Task item
In the data below, one line contains "this 1575×1313 image." and a later one contains "Some of the text". Print both, with every line between them, exactly and alone.
Information shown Start Marker
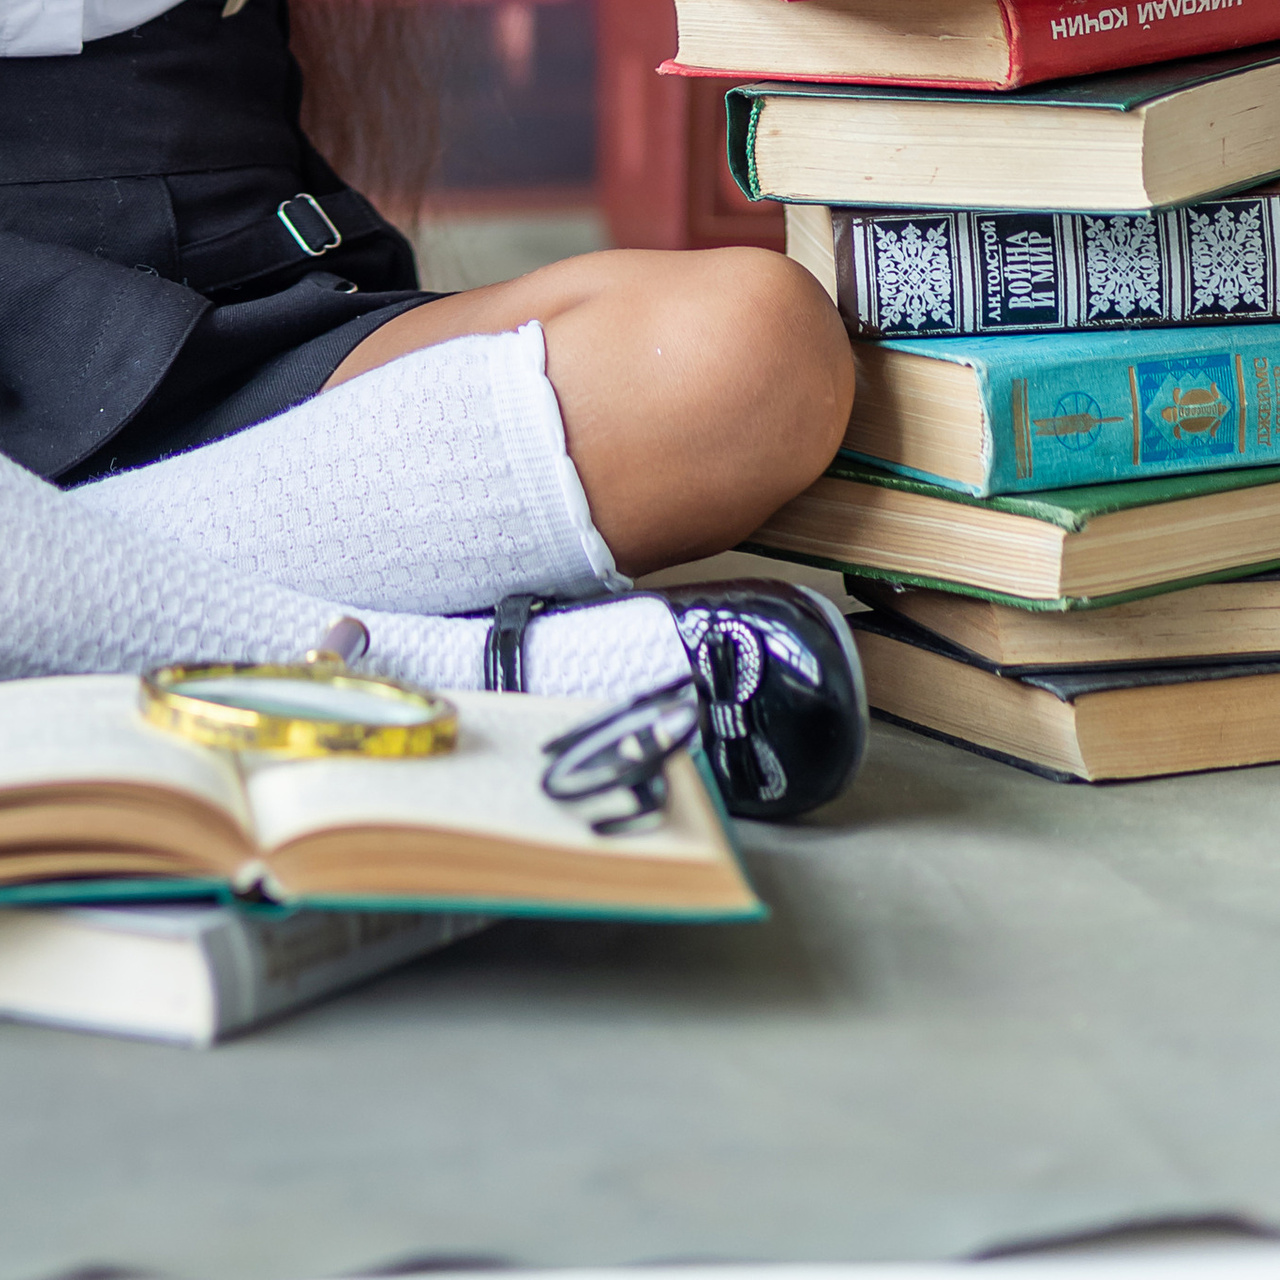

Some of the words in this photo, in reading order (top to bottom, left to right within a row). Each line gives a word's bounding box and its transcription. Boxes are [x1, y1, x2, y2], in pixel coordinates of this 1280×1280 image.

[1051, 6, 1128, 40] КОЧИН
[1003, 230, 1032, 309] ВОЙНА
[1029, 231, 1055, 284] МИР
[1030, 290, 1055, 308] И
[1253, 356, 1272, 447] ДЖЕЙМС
Information shown End Marker
Information shown Start Marker
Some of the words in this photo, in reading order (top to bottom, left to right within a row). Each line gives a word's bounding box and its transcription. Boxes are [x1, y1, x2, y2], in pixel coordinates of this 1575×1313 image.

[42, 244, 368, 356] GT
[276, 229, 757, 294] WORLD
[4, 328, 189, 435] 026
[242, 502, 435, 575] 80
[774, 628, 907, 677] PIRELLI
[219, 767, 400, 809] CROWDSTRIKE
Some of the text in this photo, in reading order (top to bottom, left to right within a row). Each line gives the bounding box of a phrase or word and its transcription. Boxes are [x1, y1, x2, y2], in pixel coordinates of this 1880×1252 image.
Information shown End Marker
Output for this task
Some of the words in this photo, in reading order (top to bottom, left to right within a row). Each line gives a word's bounding box and its transcription. Boxes are [x1, y1, x2, y2], in pixel coordinates of this 1575×1313 image.

[42, 244, 368, 356] GT
[276, 229, 757, 294] WORLD
[4, 328, 189, 435] 026
[242, 502, 435, 575] 80
[774, 628, 907, 677] PIRELLI
[219, 767, 400, 809] CROWDSTRIKE
Some of the text in this photo, in reading order (top to bottom, left to right within a row). Each line gives the bounding box of a phrase or word and its transcription. Boxes are [x1, y1, x2, y2], in pixel coordinates of this 1880×1252 image.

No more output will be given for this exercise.